The Frighteners was decent, never seen it before liked it, great cast in it. 6/10

Batman Ninja I did not like it was over the top trash to me. 2/10

Jurassic World: Fallen Kingdom was a great return to the series roots. Great horror elements in it I loved it won't lie. 8/10

Digimon Tri: Chapter 4 - Loss = This was utterly brilliant and soul destroying almost cried about one moment. 9/10

Solo: A Star Wars Movie - Well what a trainwreck two thing's I liked about it really but honestly if Ep 9 sucks I'm done with Star Wars. 3/10

Super Troopers 2 - Well this was alright just not near as good as the first. 5/10

Hereditary - Unsettling and very creepy but the ending was cheap and lame and something we've seen many times it sucked but overall great music, cast and camera trickery. 7/10

Game Night: Brilliantly amazing comedy such originality honestly surprise hit of the year 9/10

Rampage: Decent blockbuster flick 6/10

Three Billboards Outside Ebbing: Brilliantly funny ending annoyed me but hey was really good 8/10

Tomb Raider: Decent video game flick based on the reboot of the characters video games 5/10

Baywatch: Terrible cringe worthy film i wanted to turn it off so many times. 1/10

A Quiet Place - Brilliant film!
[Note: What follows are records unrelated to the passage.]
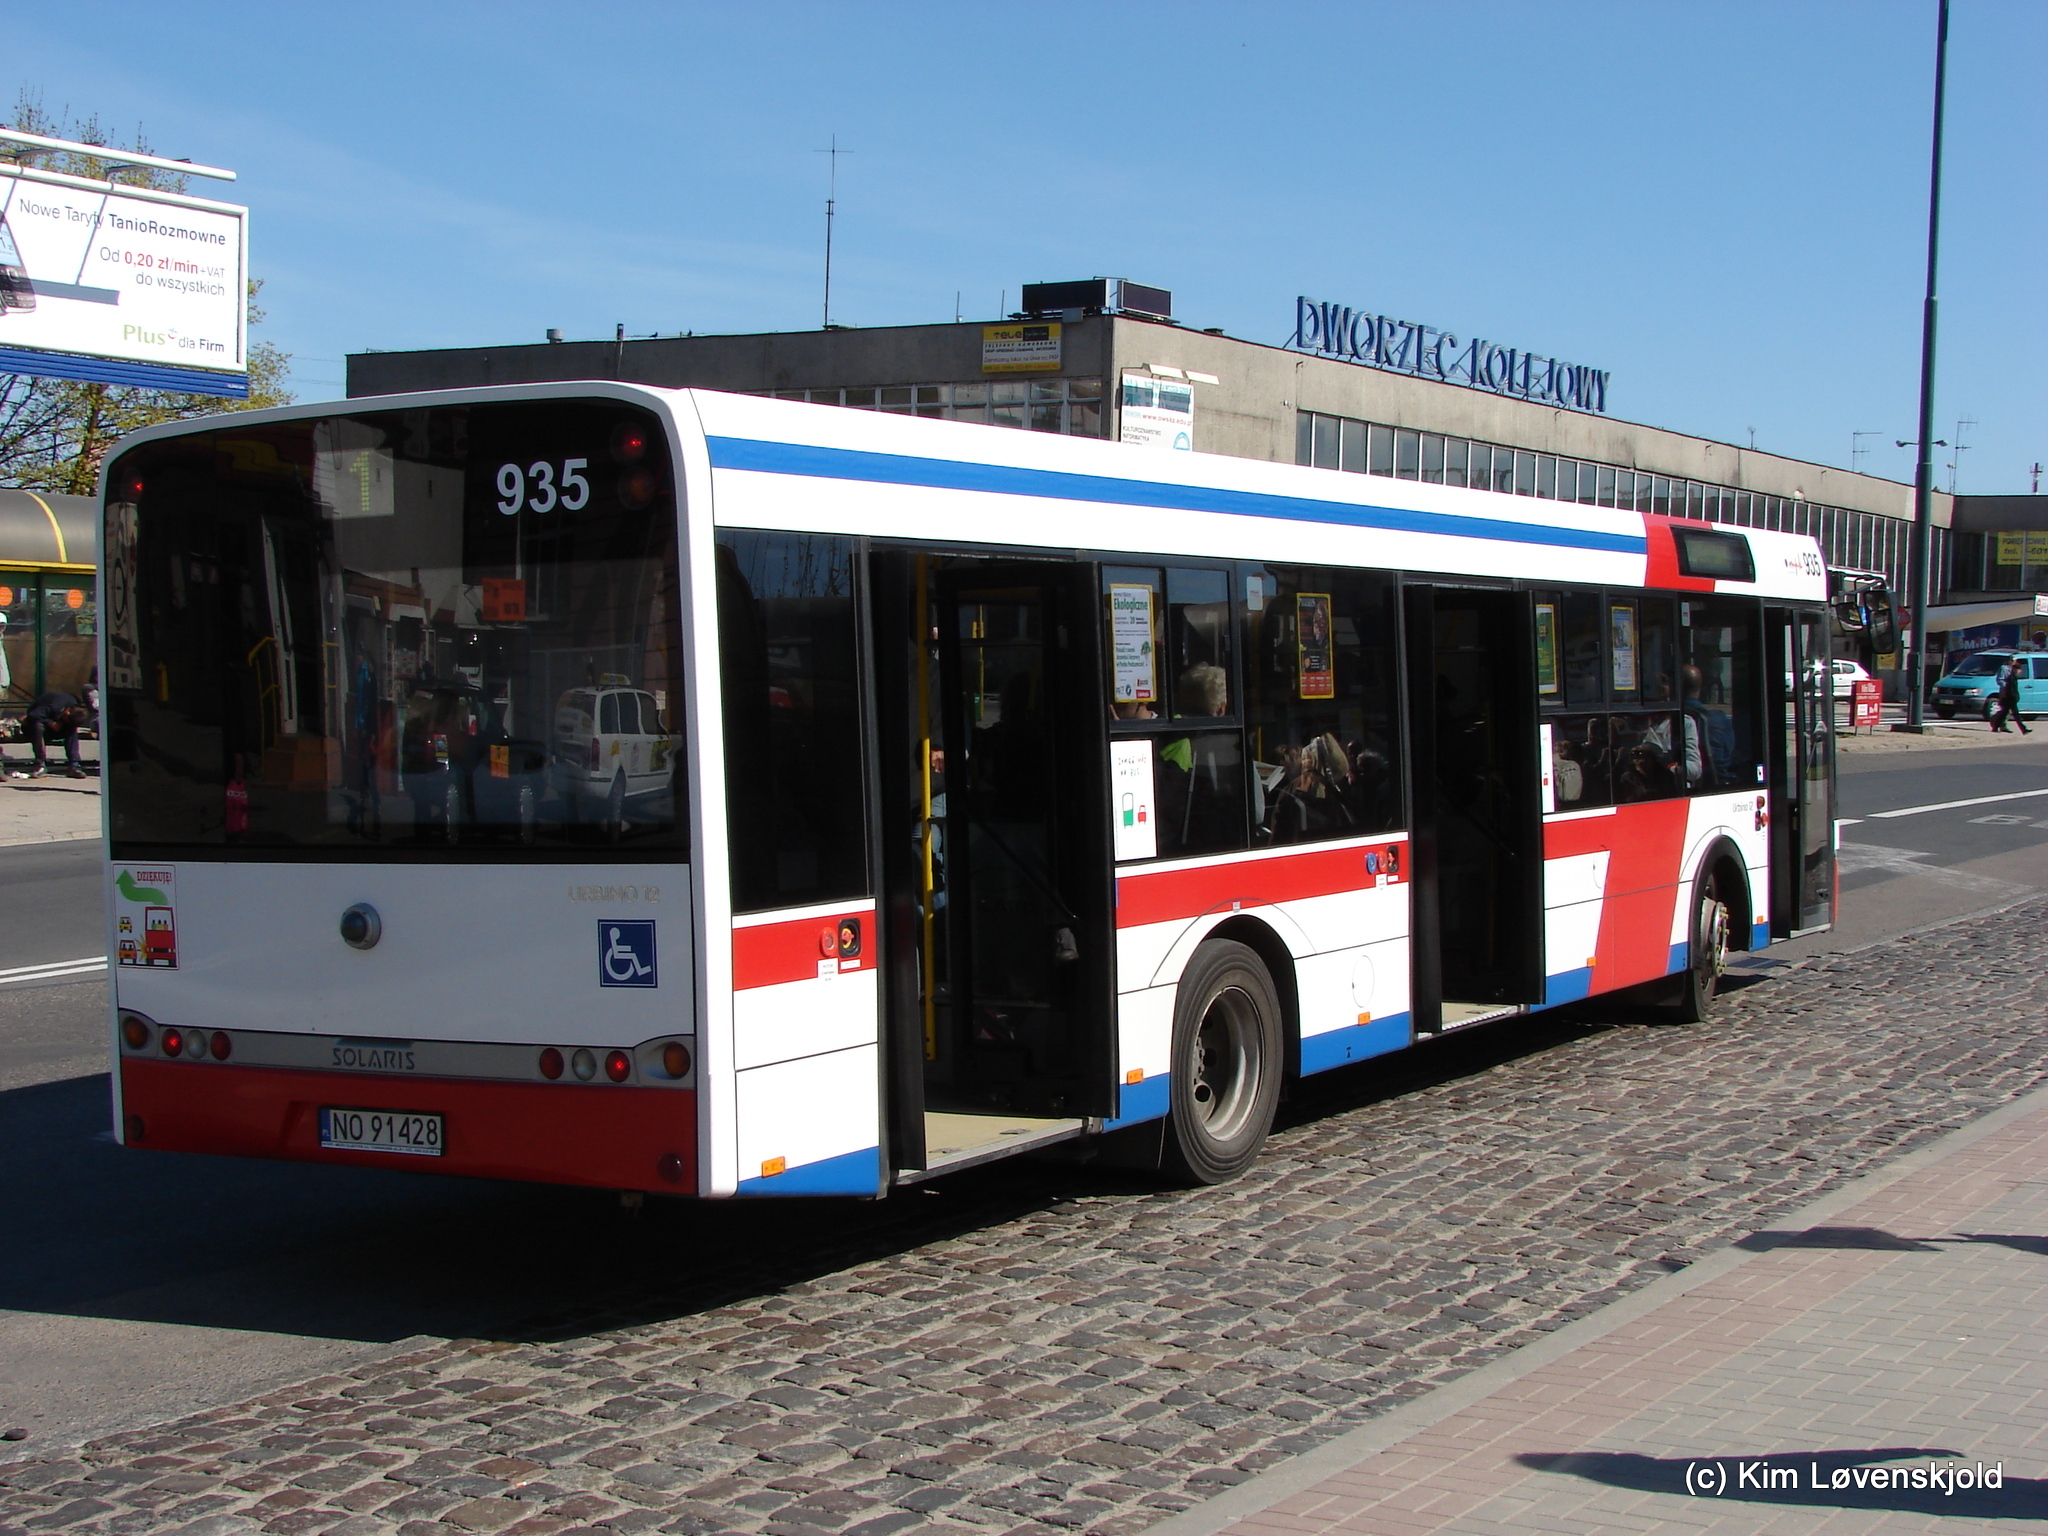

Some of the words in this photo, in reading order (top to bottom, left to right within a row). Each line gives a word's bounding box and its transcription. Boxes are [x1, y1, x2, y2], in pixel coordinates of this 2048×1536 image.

[20, 198, 60, 219] Nowe
[65, 206, 104, 229] Taryfy
[109, 213, 226, 246] TanioRozmowne
[100, 247, 120, 263] Od
[124, 251, 153, 269] 0,20
[136, 272, 153, 286] do
[157, 275, 225, 296] wszystkich
[123, 323, 166, 346] Plus
[178, 336, 196, 350] dla
[199, 338, 225, 353] Firm
[1297, 296, 1458, 378] DWORZEC
[1471, 338, 1611, 412] KOLEJOWY
[496, 457, 590, 516] 935
[1803, 552, 1821, 577] 935
[568, 885, 638, 904] URBINO
[642, 885, 660, 904] 12
[332, 1047, 415, 1070] SOLARIS
[333, 1112, 363, 1141] NO
[371, 1115, 438, 1146] 91428
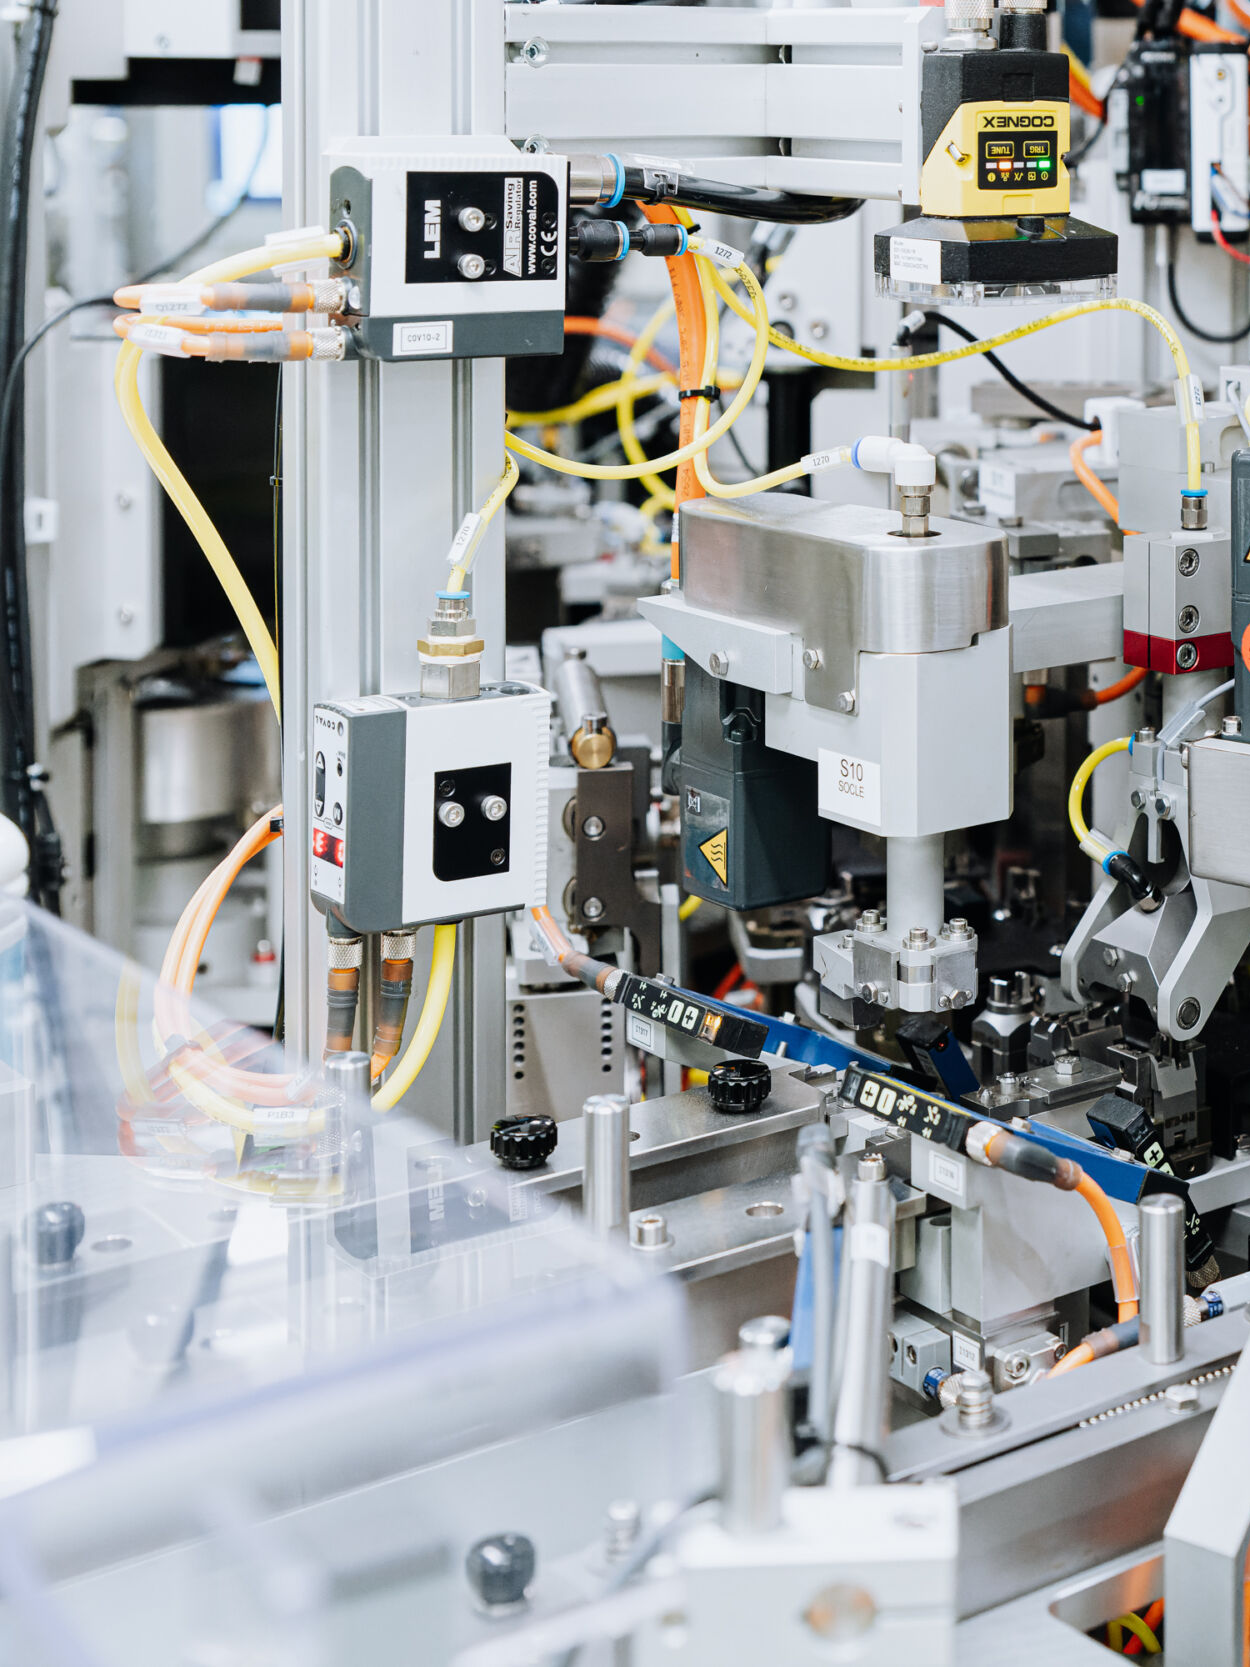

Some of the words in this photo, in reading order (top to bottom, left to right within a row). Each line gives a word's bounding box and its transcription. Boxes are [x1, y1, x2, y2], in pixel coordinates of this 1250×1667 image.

[983, 115, 1055, 128] COGNEX
[991, 145, 1010, 155] TUNE
[1029, 145, 1045, 154] TRIG
[505, 183, 515, 229] Saving
[514, 179, 523, 230] Regulator
[424, 199, 441, 259] LEM
[527, 180, 538, 275] www.coval.com
[714, 246, 732, 260] 1272
[812, 455, 830, 467] 1270
[456, 525, 471, 547] 1270
[315, 715, 336, 730] COVAL
[840, 758, 863, 781] S10
[838, 780, 864, 798] SOCLE
Here's my full review - https://1stmetalgodsblog.blogspot.com/2018/04/a-quiet-place-silent-but-deadly-review.html 8/10


Told you there was a lot to cover so I did my best to keep it short.

GAMING
I have been suffering PGD which is short for post game depression but i am fine now. 
When will we get gta 6? (CLICK HERE)
Another Fallout? Yes we have gotten word and trailers of Fallout 76 it looks alright same engine as number 4, it's set to be the earliest fallout game and will have people invading you and helping you. Interesting no?
THAT DMC5 TRAILER HOLY SHIT! 
Dying Light 2's branching story has me interested. 
Walking Dead's final telltale season omg! 
Gears 5 does not look like a gears game to me but its the second game i want on xbox one, i do not own xbox one but if i did i only want gears 4 and 5. 
Just Cause 4 wow it has tornadoes and a crazy open world. 
Death Stranding i have no clue whats going on but the gameplay included a lot of walking.
Crackdown 3 looks highly entertaining fun. 

Closing Comments
Well there aint much left to say now but before i go, i will say i do feel lost and neglected by some people. Is there anything i can do to make it all right as rain? No idea. Is there advice or support you the reader could give me? If so just comment below whatever you have to say about me or anything i'd love to hear your thoughts.

Thanks for popping by, much love, stay shiny!